Task item: All entries must be repeated exactly. No picture should appear in the result.

Content starts

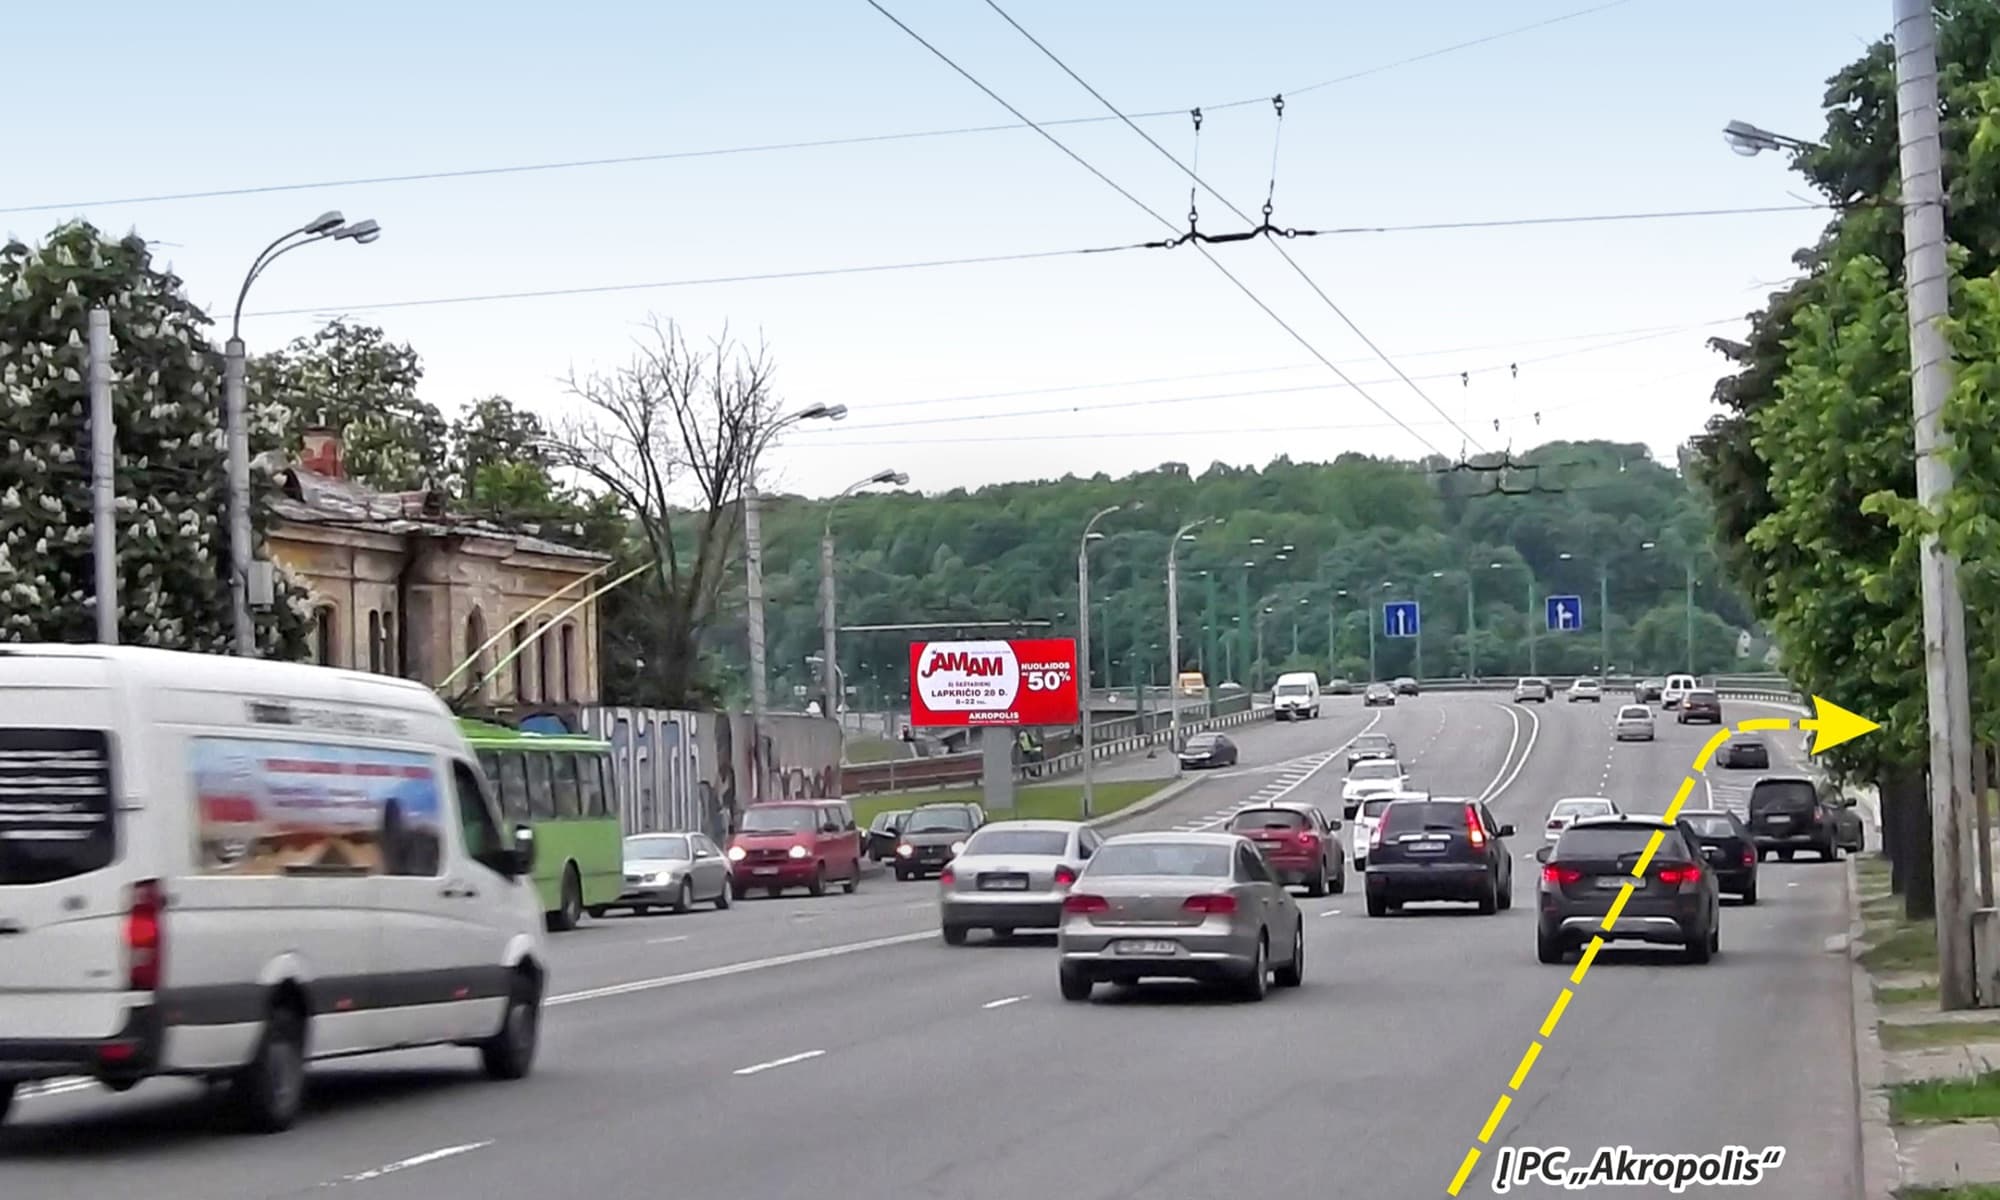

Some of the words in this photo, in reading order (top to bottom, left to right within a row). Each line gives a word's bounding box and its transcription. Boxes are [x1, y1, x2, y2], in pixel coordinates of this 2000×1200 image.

[1021, 662, 1070, 671] NUOLAIDOS
[1028, 671, 1071, 691] 50%
[931, 688, 981, 697] LAPKRIČIO
[968, 712, 1019, 720] AKROPOLIS
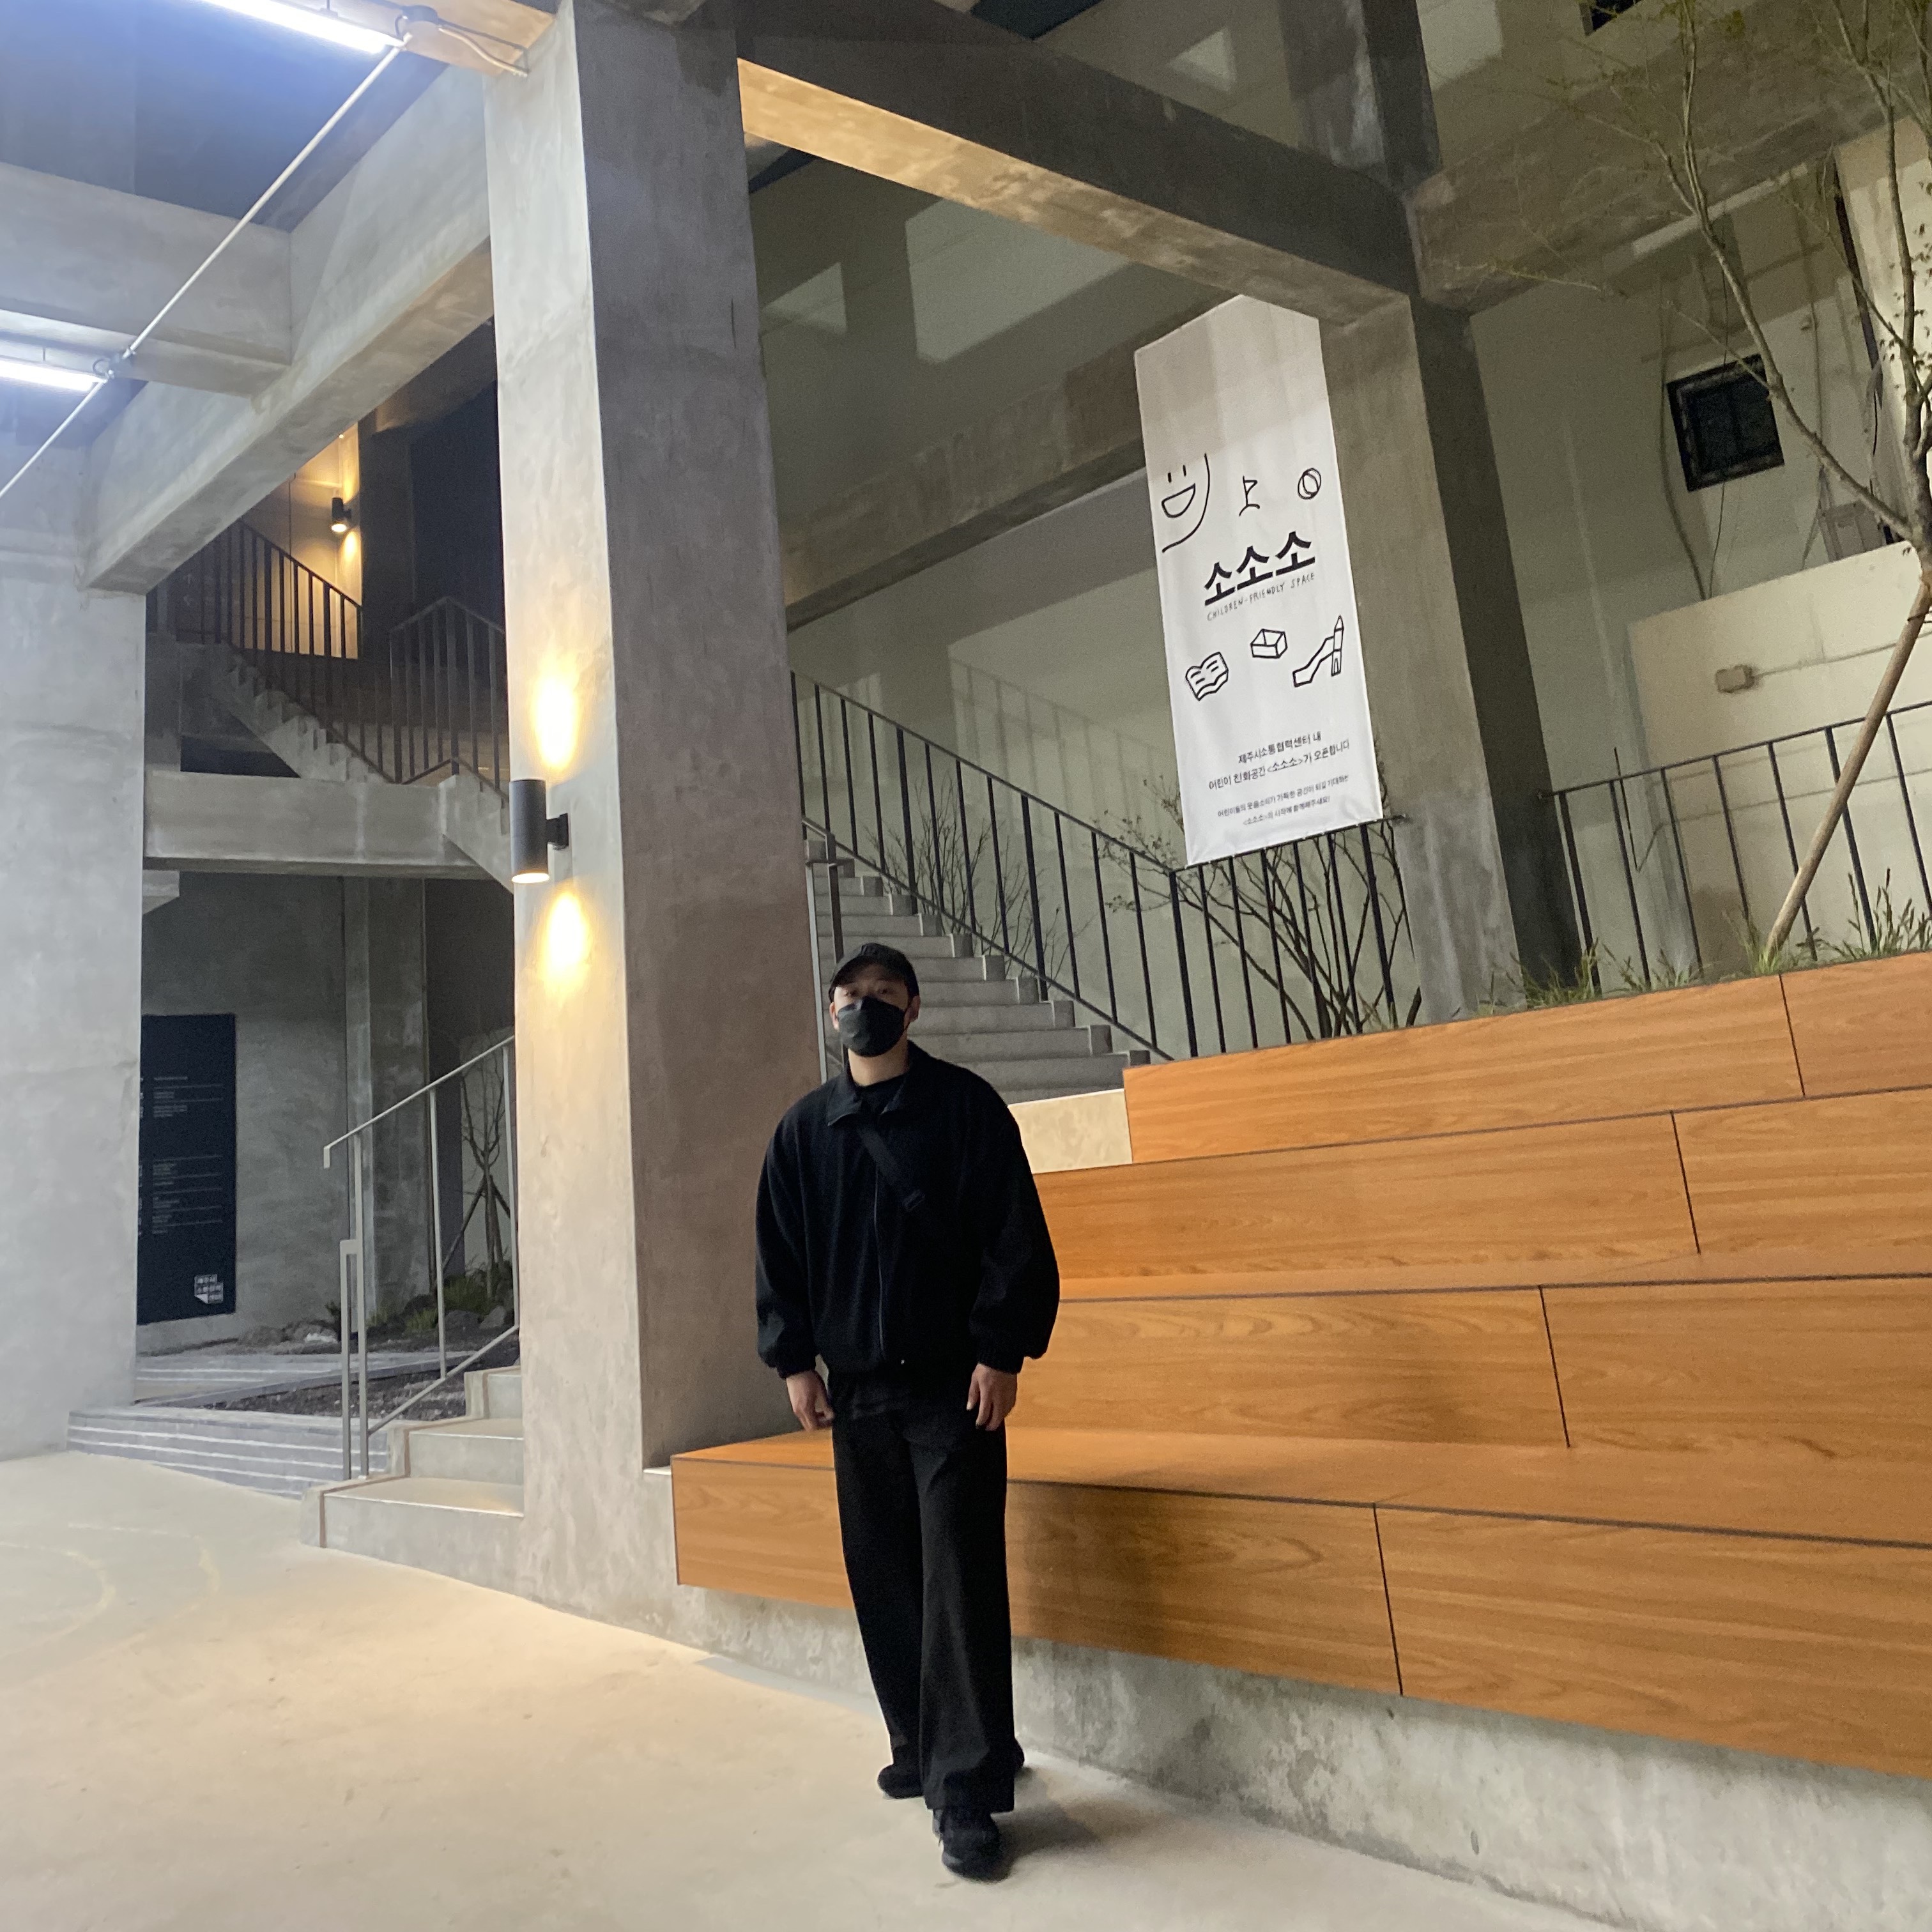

Content ends

Answer for the task:
Some of the words in this photo, in reading order (top to bottom, left to right within a row). Each line gives a word's bounding box and its transcription. Boxes are [x1, y1, x2, y2], in pixel coordinates of this 2000×1200 image.

[1021, 662, 1070, 671] NUOLAIDOS
[1028, 671, 1071, 691] 50%
[931, 688, 981, 697] LAPKRIČIO
[968, 712, 1019, 720] AKROPOLIS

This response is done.